Anna REINDL, neé HOFER, was born in Krimml [near the south-western edge of the province of Salzburg] on May 14, 1903. She was the wife of Anton REINDL and mother of Anton Reindl Jr.
From 1940 on she led an illegal Communist women’s group, the one that Rosa HOFMANN (who was executed in the Berlin-Plötzensee prison) had belonged to. These women met for discussions and educational talks, collected money for needy families linked to their resistance group, and distributed anti-war and anti-fascist leaflets.
Anna REINDL was arrested on January 26, 1942. In March 1942 she was the first of six resistance women from Salzburg to be sent to Auschwitz, where she was murdered on August 24, 1942.1
Anton REINDL was born in Salzburg-Itzling on December 18, 1903. He was an electrician employed by the Telegraph Construction Office in Salzburg and was the Salzburg province organizer for the illegal Communist resistance against the Nazi regime after the conscription of Franz OFNER, its first leader.
The activities of the local groups and cells included collecting support money, anti-fascist training, and the production and distribution of leaflets, but they did not endorse sabotage.
At the beginning of 1942 the Gestapo succeeded in getting a spy into the ranks of the illegal Communist organization led by Anton REINDL and that enabled them to roll up and smash the organization. The Communist resistance suffered greater losses than any other resistance group in Salzburg.2
Anton REINDL was arrested on January 26, 1942 and on April 6, 1943 he was sentenced to death for conspiracy to commit treason. He was executed in the Munich-Stadelheim prison on July 8, 1943.
Anton Reindl Jr. was born in Salzburg on August 5, 1927. Suffering from the death of his parents he attempted to flee to America, but was arrested at the border and returned to Salzburg. He was placed under the guardianship of the city youth office, but on February 9, 1944 he was shipped off to a reform school in Rebhof Bavaria on the grounds that:
Reindl no longer performs his Hitler Youth service and associates with similarly minded youngsters of his own age, gradually developing a clique that shows a special affinity for jazz music and dancing and displays a pronounced opposition to the Hitler Youth.

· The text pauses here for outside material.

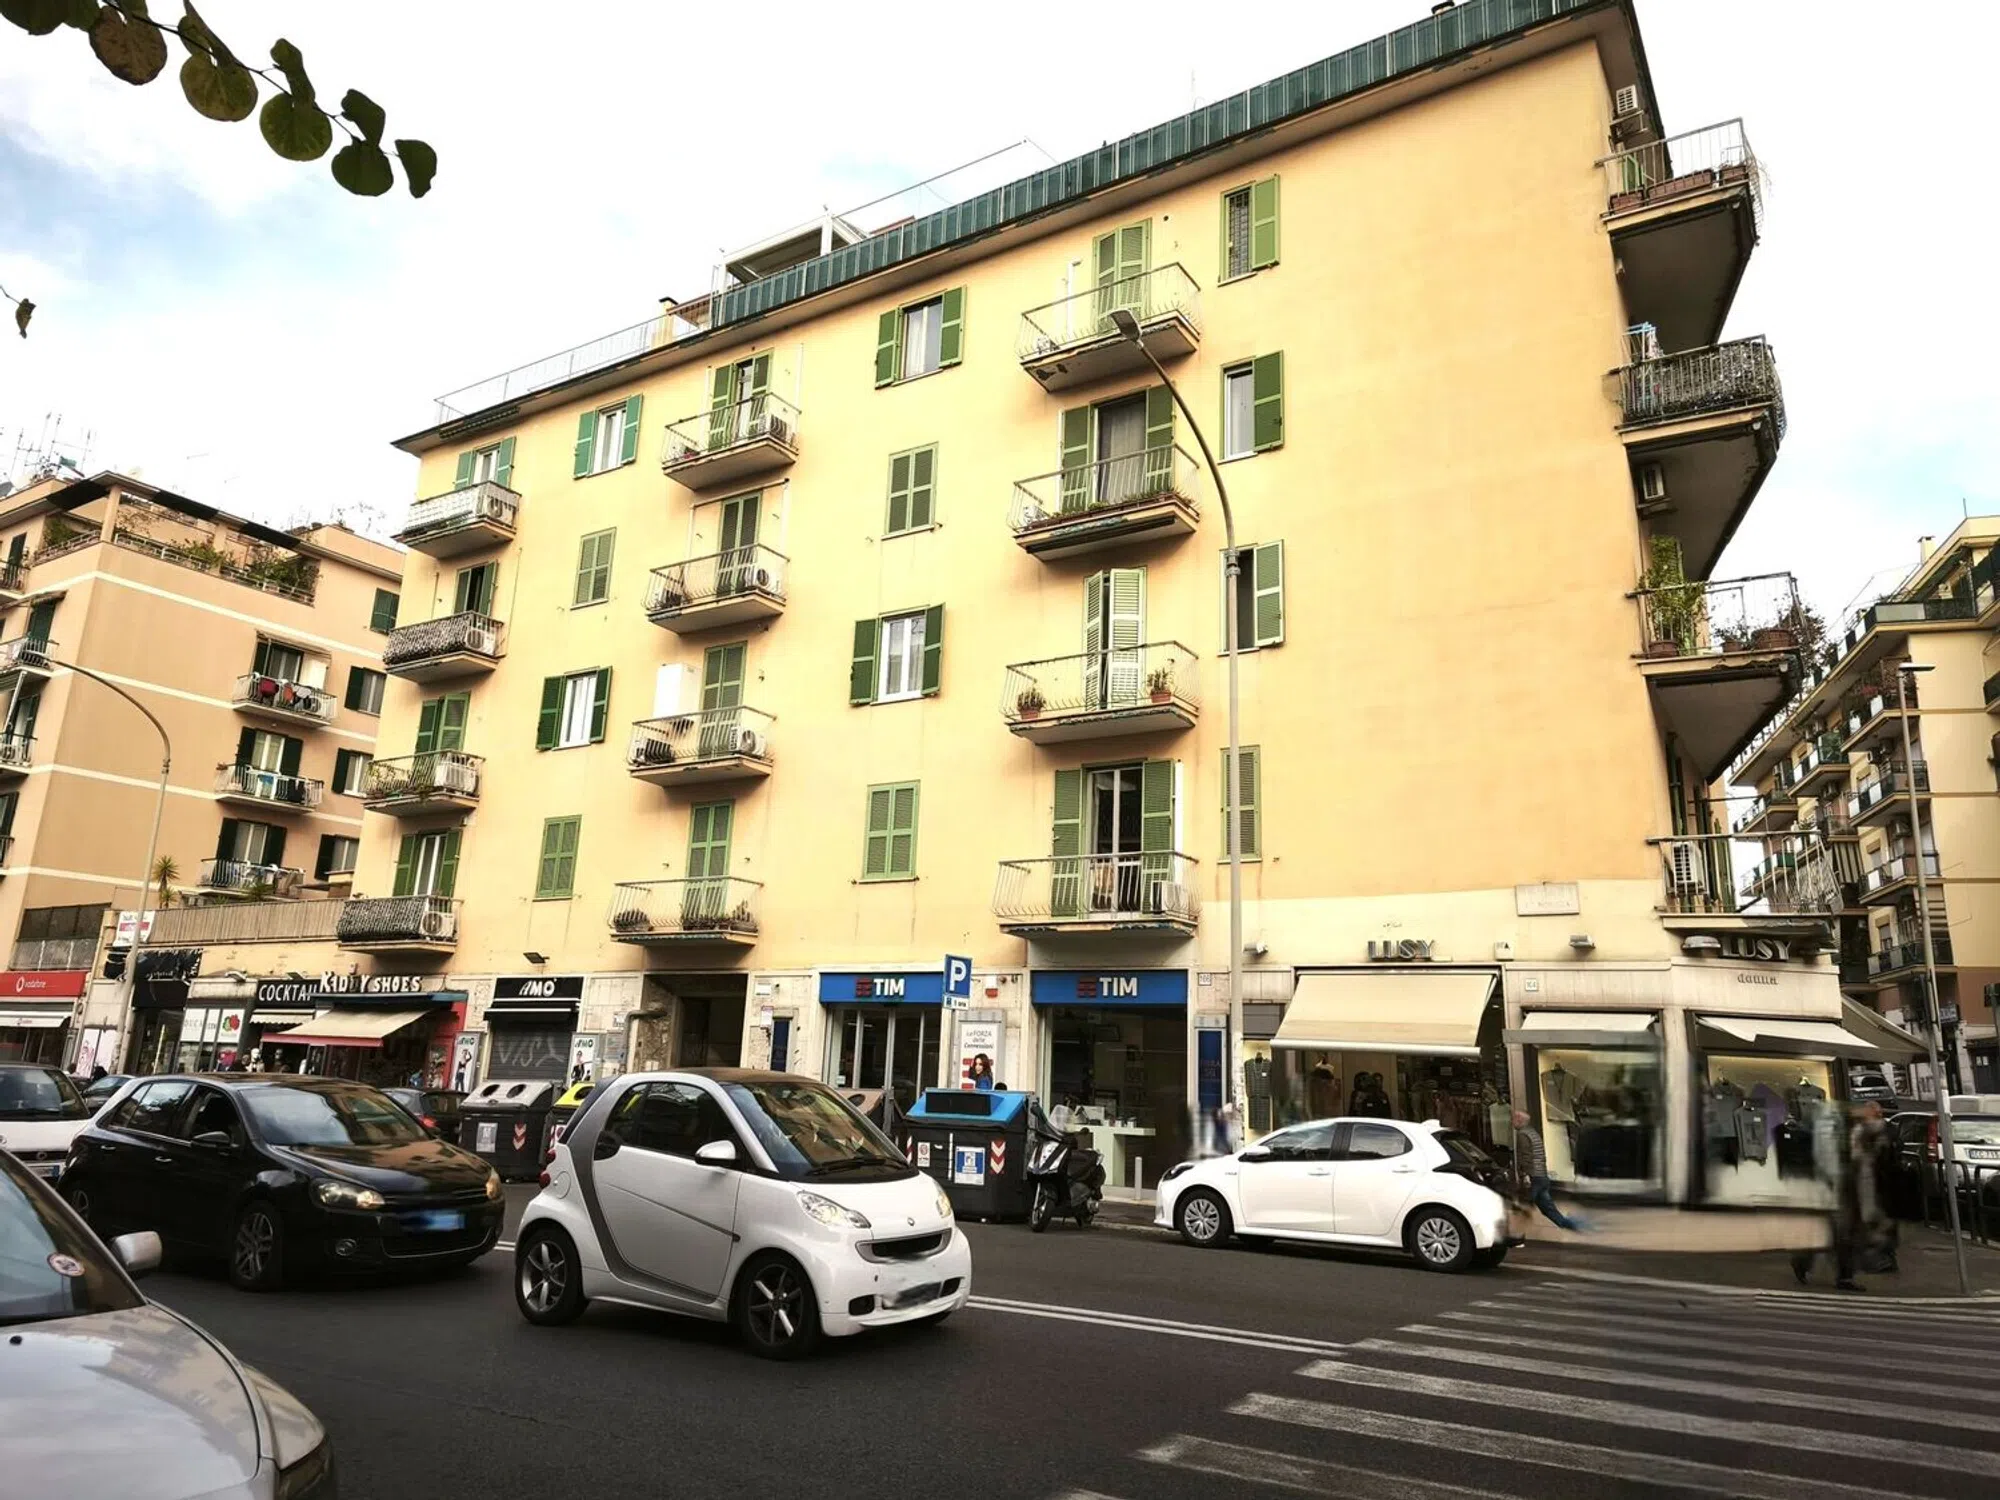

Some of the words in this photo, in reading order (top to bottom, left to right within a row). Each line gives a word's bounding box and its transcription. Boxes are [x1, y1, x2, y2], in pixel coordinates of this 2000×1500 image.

These so-called Swing-Youths are a kind of Communist youth organization. Reindl considers his parents to be martyrs to their faith and it is to be expected that influenced by their fate the youngster will later undertake Communist activities. He has already said that he will avenge his parents.
This danger can be forestalled if the youth is removed from his current surroundings and educated according to Nazi principles.
After running away from the reform school, on May 8 or 11, 1944 Anton Jr. was sent to the Moringen Concentration Camp for Youths in Lower Saxony. He was held there in the State-Police block for politically oppositional youngsters, Communists and Swing-Youths.
He was liberated on April 9, 1945 and returned to Salzburg, where he died in 1970.
The 1988 proposal of the Anti-fascists’ Memorial Committee that a street in Salzburg should be named after the married couple Anna und Anton REINDL fell into oblivion.
1 Six resistance women who had lived in Gnigl, Itzling und Schallmoos were deported to Auschwitz without any judicial proceedings in 1942 and were murdered there: Rosa Bermoser, Maria Bumberger, Anna Frauneder, Marianne Innerberger, Anna Prähauser und Anna Reindl.
2 20 Communist Party members from the city of Salzburg were executed: Franz Aschenberger, Heinrich Auer, Heinrich Gittler, Josef Haidinger, Rudolf Hartl, Leopold Hock, Rosa Hofmann, Johann Illner, Michael Kritzinger, Franz Ofner, Franz Pöttinger, Johann Pöttler, Anton Reindl, Josef Reischenböck, Karl Schallmoser, Anton Schubert, Rudolf Smolik, Ernst Stoiber, Josef Thalhammer and Josef Wartinger;
12 others were killed or died in prisons or concentration and extermination camps: Rosa Bermoser, Maria Bumberger, Anna Frauneder, Alois Hattinger, Marianne Innerberger, Josef Kumhart, Anna Prähauser, Anna Reindl, Franz Roider, Hermann Rubenkes, Johann Schweitzer and Karl Steinocher; five more died after their liberation from the ill effects of their imprisonment: Franz Broz, Johann Bruckmoser, Franz Hager, Lorenz Künstel and Josef Riedherr.
Sources
- Widerstand und Verfolgung in Salzburg 1934-1945, vol. 1, Vienna 1991, pp. 328, 333f., 344, 355, 377ff., 443f., 446f., and 619.
- Salzburg Provincial Archives: victim’s assistance file #S-471.
- »Proposal of the Salzburg Anti-fascists’ Memorial Committee to name a street after Anna and Anton Reindl« (1988).
- March 15, 2011 memorandum from Dietmar Sedlaczek, the head of the Moringen Concentration Camp Memorial Site.